DevOps Engineer

Posted 5 Days Ago
Hiring Remotely in United Kingdom
Remote
Mid level
Artificial Intelligence • Information Technology
The Role
Design, operate, and improve Kubernetes-based AI infrastructure, manage GPU environments, ensure reliability, implement automation, and enhance customer experience.
Summary Generated by Built In

Era4 develops, owns and operates AI infrastructure across the UK, powered by renewable energy. Converting legacy industrial and energy sites into modern data-centre facilities, Era4 is combining brownfield regeneration opportunities with cleaner, efficient, scalable compute capacity for healthcare, research, finance, enterprise, and public-sector organisations


Role Summary:

We are seeking a DevOps Engineer to design, operate, and continuously improve our Kubernetes-based AI infrastructure. This role focuses on cloud-native platform engineering, GPU-accelerated workloads, reliability, automation, and customer enablement.

You will play a key role in delivering a production-grade AI platform that enables ML engineers, data scientists, and enterprise customers to build and run AI workloads at scale.

 

You will be responsible for the reliability, scalability, and performance of our Kubernetes-based GPU platforms. You will ensure our AI platform operates securely and efficiently while delivering an exceptional customer experience. This is a hands-on platform engineering position focused on systems reliability, automation, and continuous improvement.


Key Responsibilities:

 

Kubernetes Platform Operations:

  • Operate and evolve a production Kubernetes environment supporting GPU-accelerated AI workloads.
  • Manage cluster lifecycle (deployment, upgrades, scaling, resilience, multi-node operations).
  • Implement high availability, failover, and maintenance strategies to minimize disruption.
  • Enable aaS capabilities and segmentation for multi-tenant workloads.
  • Infrastructure as code tooling and lifecycle.
  • Network Overlays, Storage: Block, File and Object.
  • Experience with Ansible, YAML, Terraform, Python, Jenkins and GitOps.

 

GPU & AI Infrastructure Engineering:

  • Manage NVIDIA GPU infrastructure within Kubernetes (device plugins, drivers, CUDA compatibility).
  • Implement GPU partitioning and workload isolation strategies (e.g., MIG, quotas, namespaces).
  • Monitor and optimize GPU utilization, workload efficiency, and cluster capacity.
  • Support AI/ML training and inference workloads with performance tuning and best practices.

 

Reliability, Monitoring & Automation:

  • Design and maintain observability frameworks (metrics, logs, tracing).
  • Implement proactive monitoring, alerting, and capacity planning.
  • Lead incident response for platform-level events and drive root cause analysis.
  • Automate operational workflows and infrastructure provisioning (IaC, configuration management).
  • Contribute to platform reliability engineering practices (SLOs, SLAs, error budgets).

 

Security & Governance:

  • Implement RBAC, network policies, and security hardening.
  • Ensure secure multi-tenant workload isolation.
  • Maintain compliance, data protection, and access governance standards.

 

 Customer & Platform Enablement:

  • Support customer lifecycle of onboarding, provisioning and operations.
  • Provide guidance on workload configuration, scaling strategies, and best practices.
  • Collaborate with engineering and vendor teams to resolve complex platform issues.
  • Produce high-quality technical documentation and operational playbooks. 

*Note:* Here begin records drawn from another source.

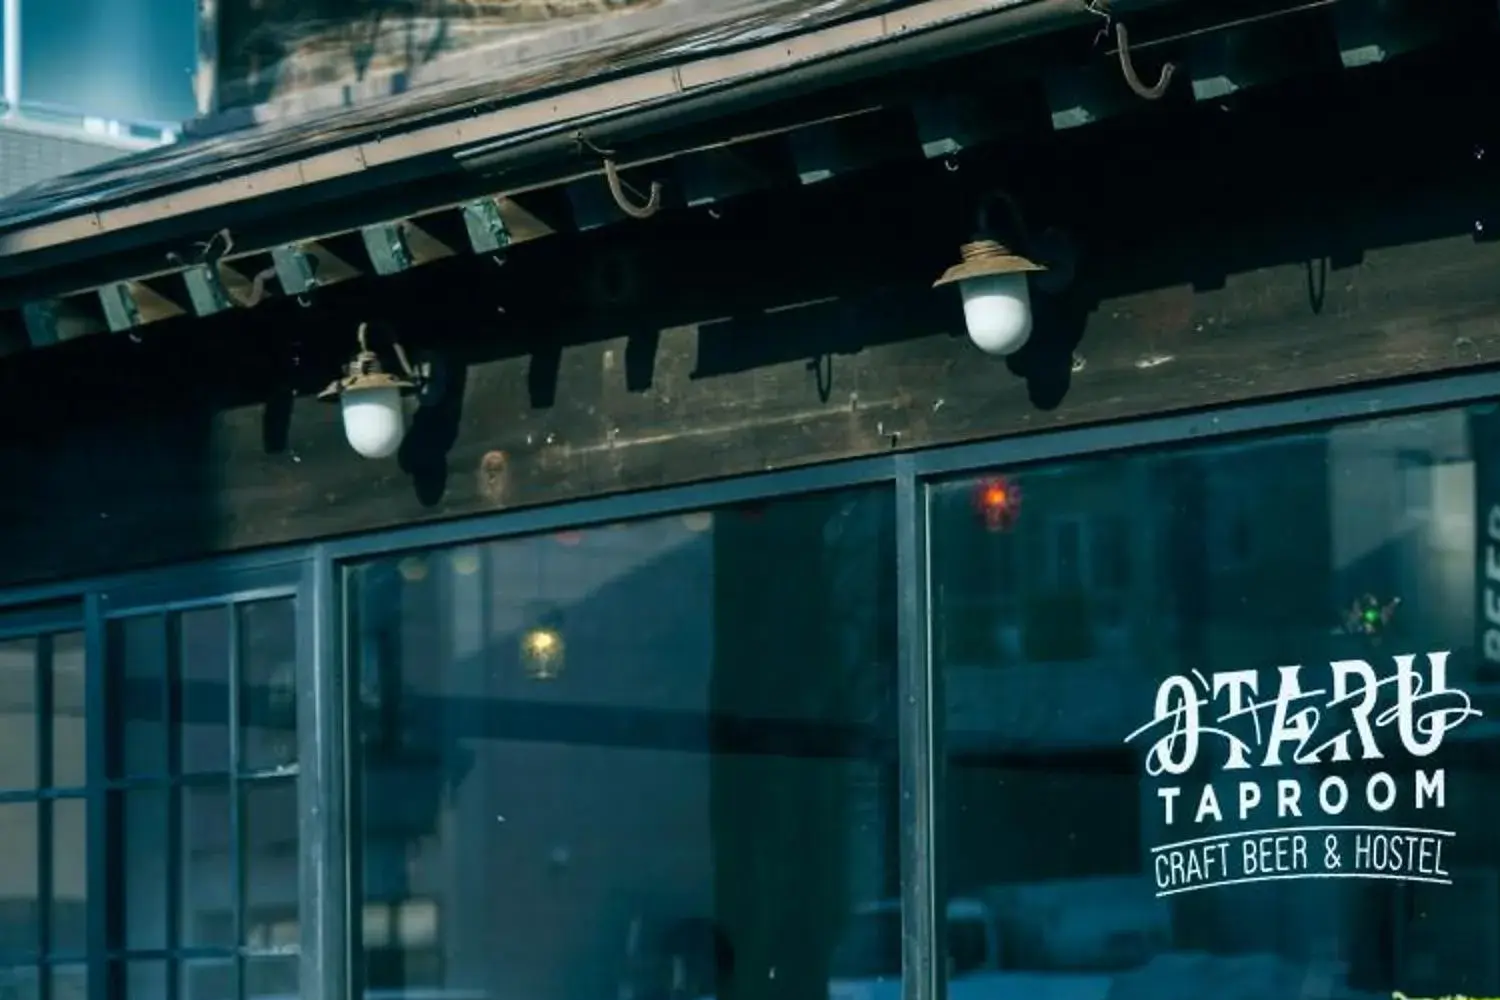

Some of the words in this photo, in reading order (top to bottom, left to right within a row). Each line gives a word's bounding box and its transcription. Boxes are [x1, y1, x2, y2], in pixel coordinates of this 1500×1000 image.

[1146, 651, 1453, 776] OTARU
[1157, 768, 1446, 825] TAPROOM
[1155, 842, 1231, 889] CRAFT
[1243, 834, 1308, 876] BEER
[1323, 834, 1342, 869] &
[1354, 833, 1450, 877] HOSTEL
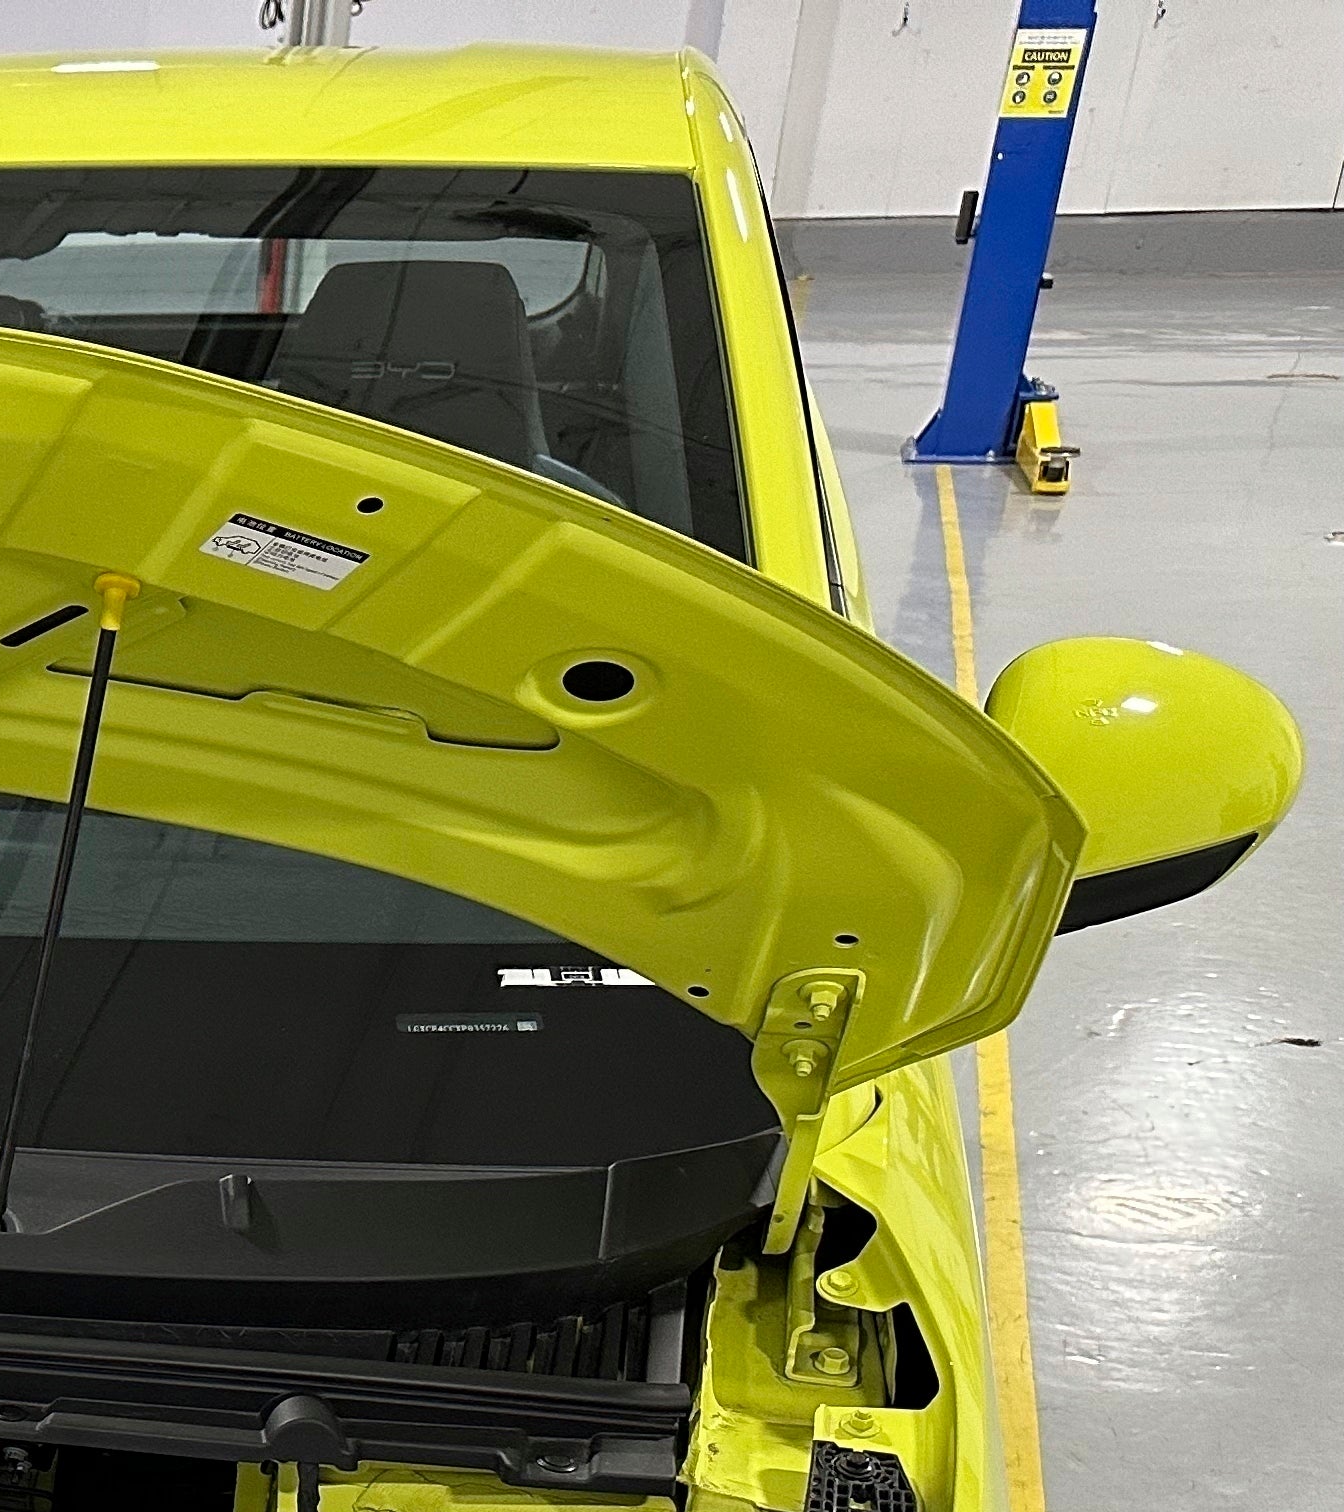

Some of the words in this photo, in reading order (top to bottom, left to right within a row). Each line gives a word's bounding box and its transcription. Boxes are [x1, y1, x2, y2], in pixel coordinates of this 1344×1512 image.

[1024, 51, 1068, 61] CAUTION
[351, 361, 455, 379] BYD
[283, 531, 321, 548] BATTERY
[320, 542, 363, 561] LOCATION
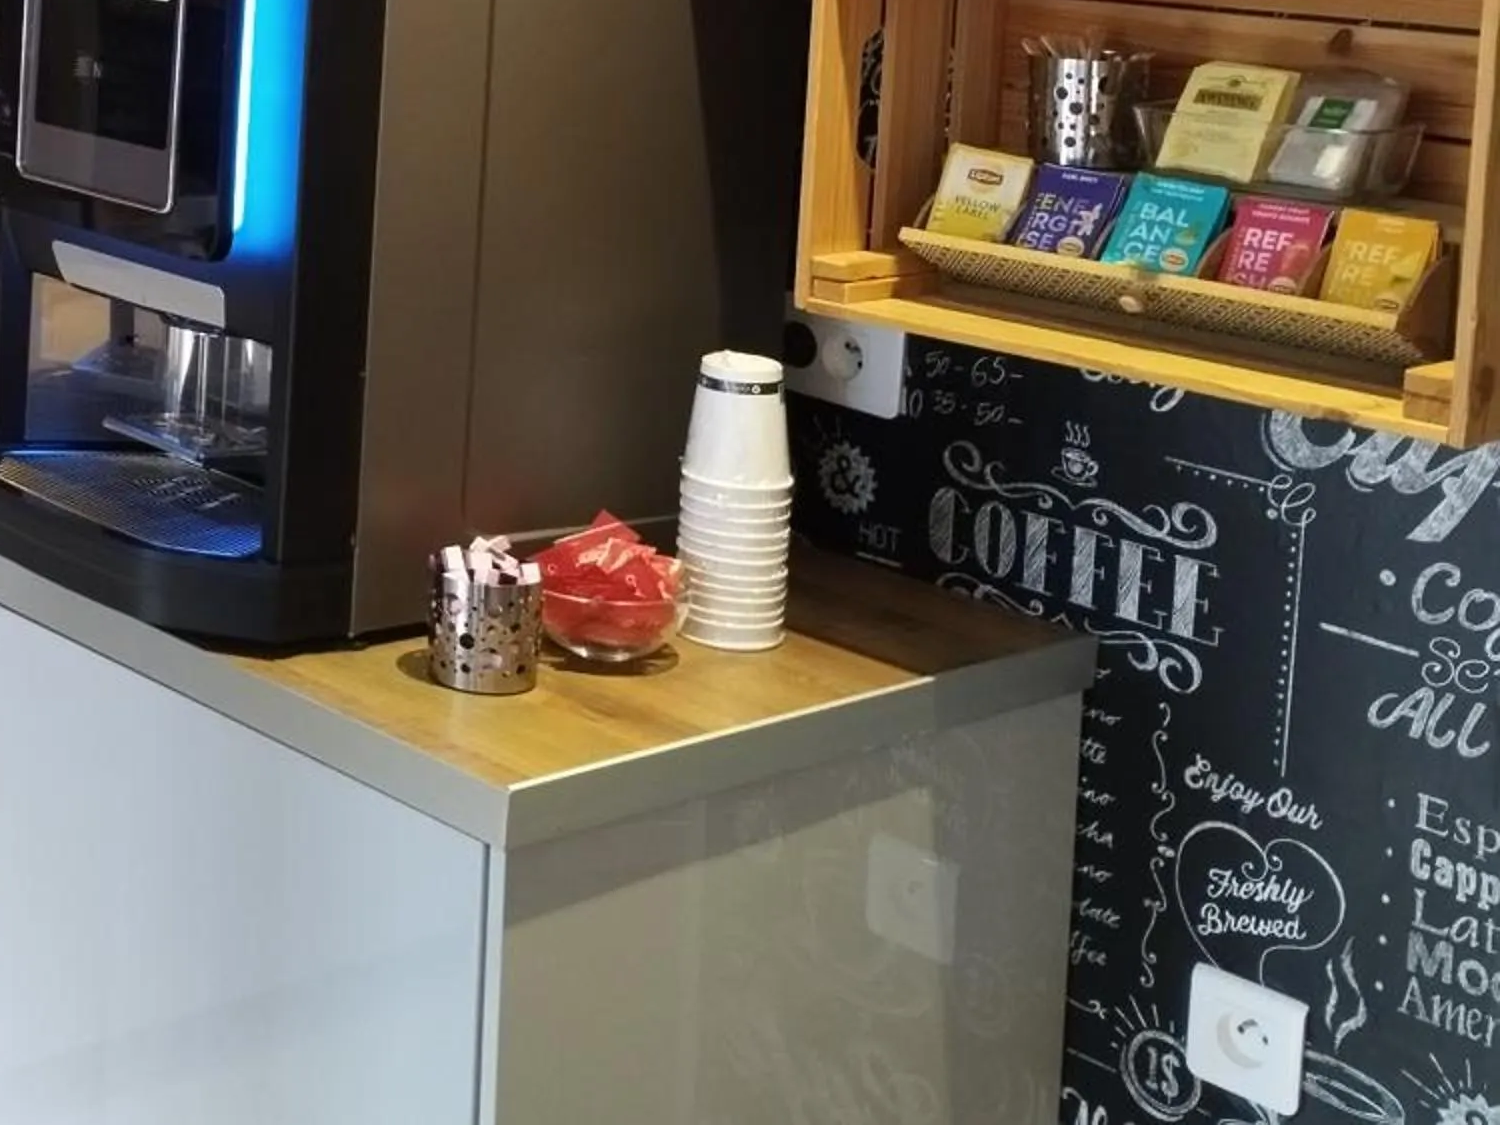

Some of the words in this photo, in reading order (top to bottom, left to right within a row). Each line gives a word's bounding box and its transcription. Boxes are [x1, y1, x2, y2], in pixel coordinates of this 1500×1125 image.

Required Experience & Skills:

  • Strong hands-on experience operating production Kubernetes clusters.
  • Experience with GPU-enabled Kubernetes environments.
  • Solid Linux system administration, networking, storage and security skills.
  • Experience with Infrastructure as Code and automation.
  • Strong understanding of distributed systems, APIs, and cloud-native architectures.
  • Experience implementing monitoring and observability solutions (e.g., Prometheus, Grafana.
  • Proven incident management and root cause analysis experience.
  • Strong communication skills and ability to work cross-functionally.
  •  

Desirable Experience:

  • Experience operating AI/HPC infrastructure.
  • Deep understanding of Kubernetes scheduling, networking, and storage.
  • Experience with high-performance datacentre networking and tuning.
  • Background in DevOps or Site Reliability Engineering (SRE).

 

Why Join Era4:

You’ll be joining a mission-driven start-up building critical national infrastructure, where operational excellence directly enables growth. This role offers high visibility with leadership, real autonomy, and the chance to shape how a next-generation company operates at scale.

 

Diversity & Inclusion:

Era4 is an equal opportunity employer. We celebrate diversity and are committed to creating an inclusive environment for all employees.

 

Top Skills

Ansible
Gitops
Gpu
Grafana
Jenkins
Kubernetes
Prometheus
Python
Terraform
Yaml
Am I A Good Fit?
beta
Get Personalized Job Insights.
Our AI-powered fit analysis compares your resume with a job listing so you know if your skills & experience align.

The Company
HQ: Rugby
16 Employees

What We Do

Carbon3.ai is building the UK’s sovereign AI platform – secure, sustainable, and designed for real-world impact.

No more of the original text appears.